The due diligence you need to do is fully understanding the relationship between the co-op and all their 'commercial' / 'retail' / 'professional' spaces, and how the money flows between them.
Aaron2,
That's unusual because usually you can't assign Coop shares to commercial spaces in residential building unless they can be easily converted to residential space. What is much more common is the commercial space is part of a 2 unit Condominium, where the residential unit is then divided into Coops.
I've seen it where the Sponsor held on to the retail space after going Coop. So Coop has to deal with all the nuisance of the retail space (the worst being restaurants) without getting the benefit of increasing rents, etc., from the retail.

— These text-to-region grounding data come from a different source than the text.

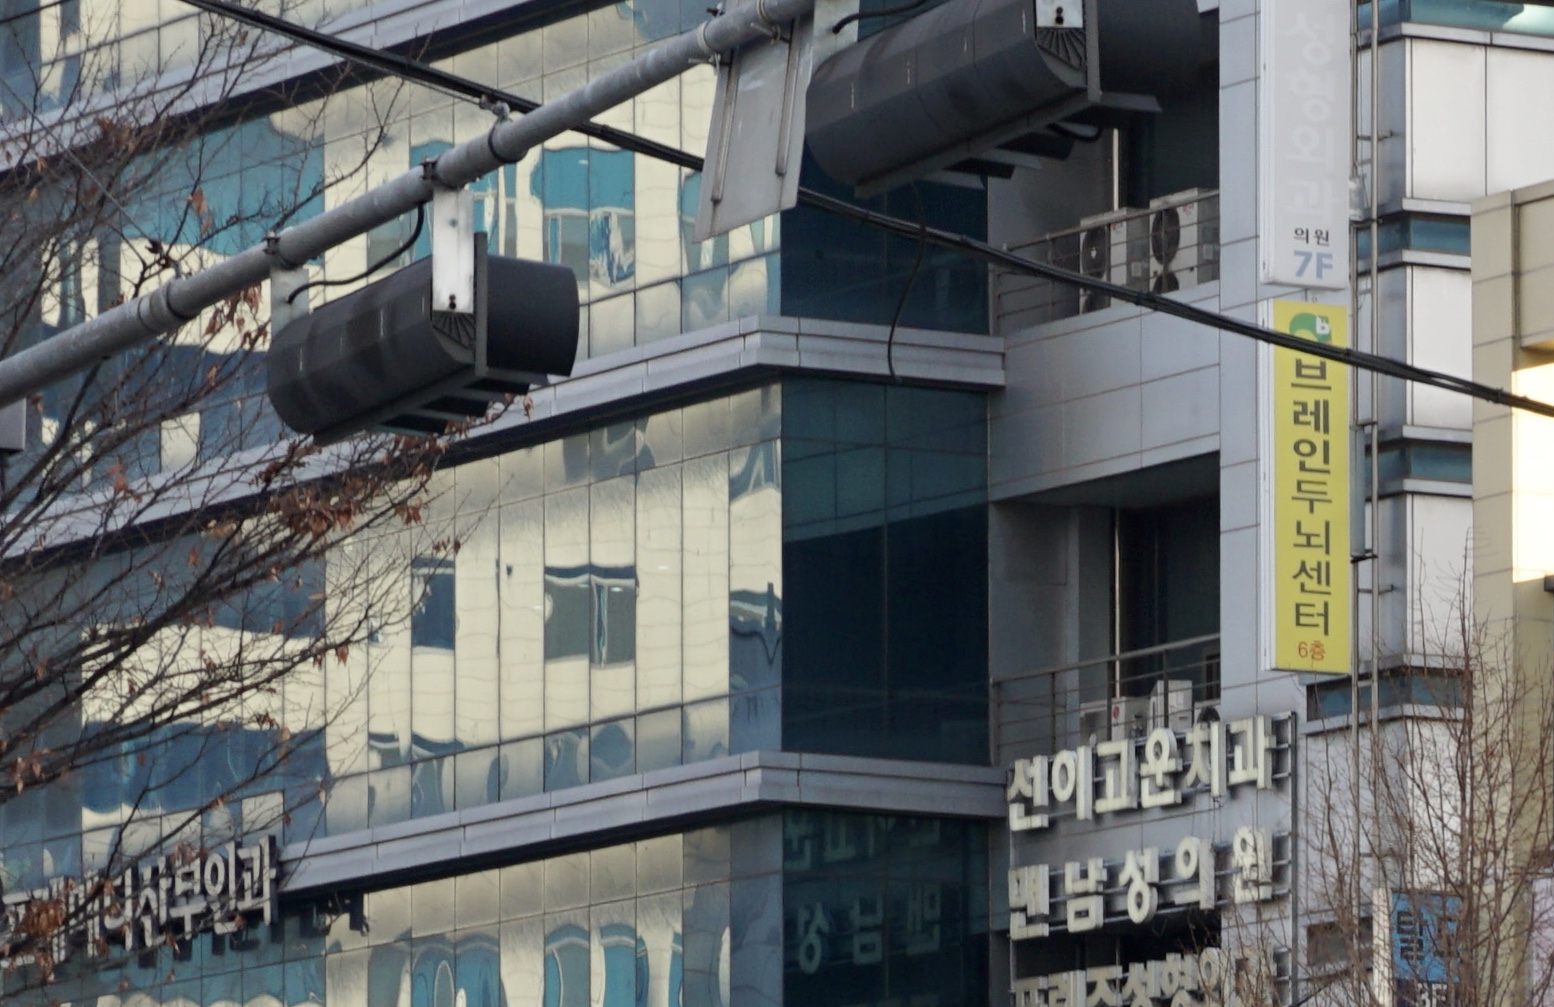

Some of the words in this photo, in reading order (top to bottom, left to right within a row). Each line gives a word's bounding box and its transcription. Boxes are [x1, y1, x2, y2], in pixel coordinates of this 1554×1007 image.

[1294, 228, 1330, 247] 의원
[1294, 250, 1333, 280] 7F
[1297, 640, 1327, 661] 6층
[1007, 714, 1277, 831] 선이고운치과
[1008, 825, 1273, 941] 맨남성의원

Usually it is even worse as the share allocation to sponsor owned retail is typically less than its real share of assessed property taxes.

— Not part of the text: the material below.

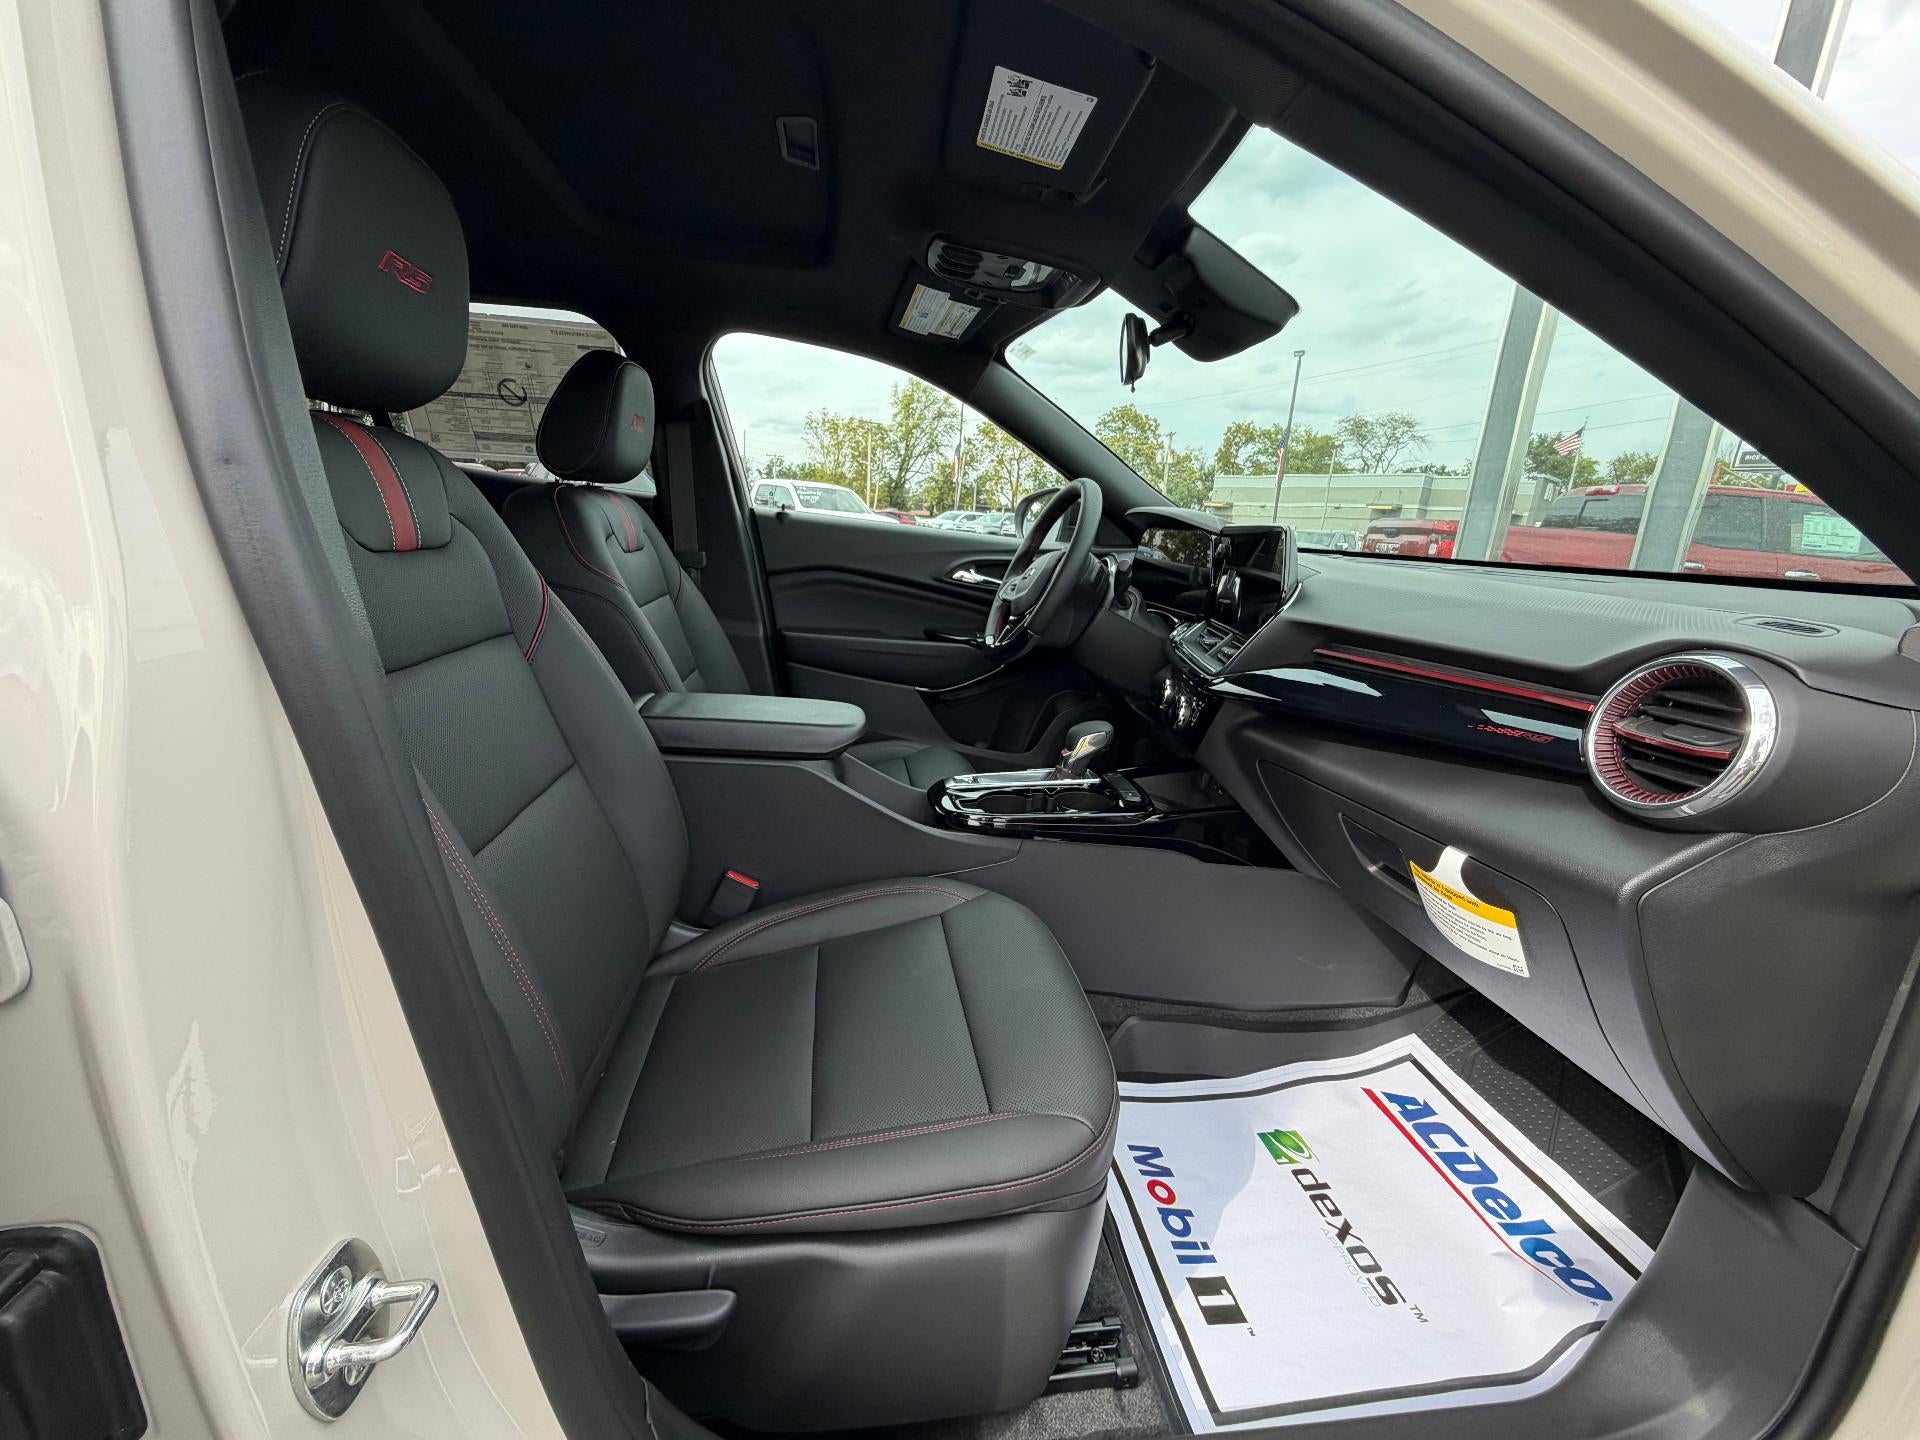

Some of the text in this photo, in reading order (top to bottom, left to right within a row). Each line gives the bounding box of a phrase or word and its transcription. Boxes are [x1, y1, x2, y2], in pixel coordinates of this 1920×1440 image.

[1127, 1144, 1218, 1264] Mobil
[1291, 1168, 1407, 1305] dexos
[1380, 1090, 1614, 1301] ACDelco
[1319, 1227, 1382, 1308] APPROVED

"Held on to" is kind of nebulous: before 1980 many Sponsors wrote themselves 99 year below market master leases known as Sweetheart Leases because you couldn't issue shares to Commercial space which could not be easily converted to residential (like most professional spaces in apartment buildings). Then following the Condominium and Cooperative Conversion Protection and Abuse Relief Act of 1980 NY took it further and banned these Sweetheart Leases as well. Not wanting to lose out, Sponsors switched to CondOps where instead of taking long term leases on those spaces, the just took fee simple ownership of them as Condominium units.
However, allocation of Percentage of Common Interest apportionments still only had to be done "rationally and reasonably," so you had Sponsors doing things like when MJ Raynes tried to justify the allocation to the garage space at Lincoln Towers based on "Utility Usage" when the only things in the garage were a couple of bare lightbulbs hanging from the ceiling so the garage which held hundreds of cars used less electricity than the refrigerator in one studio apartment.
"Usually it is even worse as the share allocation to sponsor owned retail is typically less than its real share of assessed property taxes."
300, this is exactly what happened in the first building we ever bought into. They paid far less than everyone else for the garage, not to mention there were 3 retail food spaces, including a McDonald's which was a nightmare of traffic, trash, etc.
without getting the benefit of increasing rents, etc., from the retail
10023, except in most cases, rents are declining for retail space.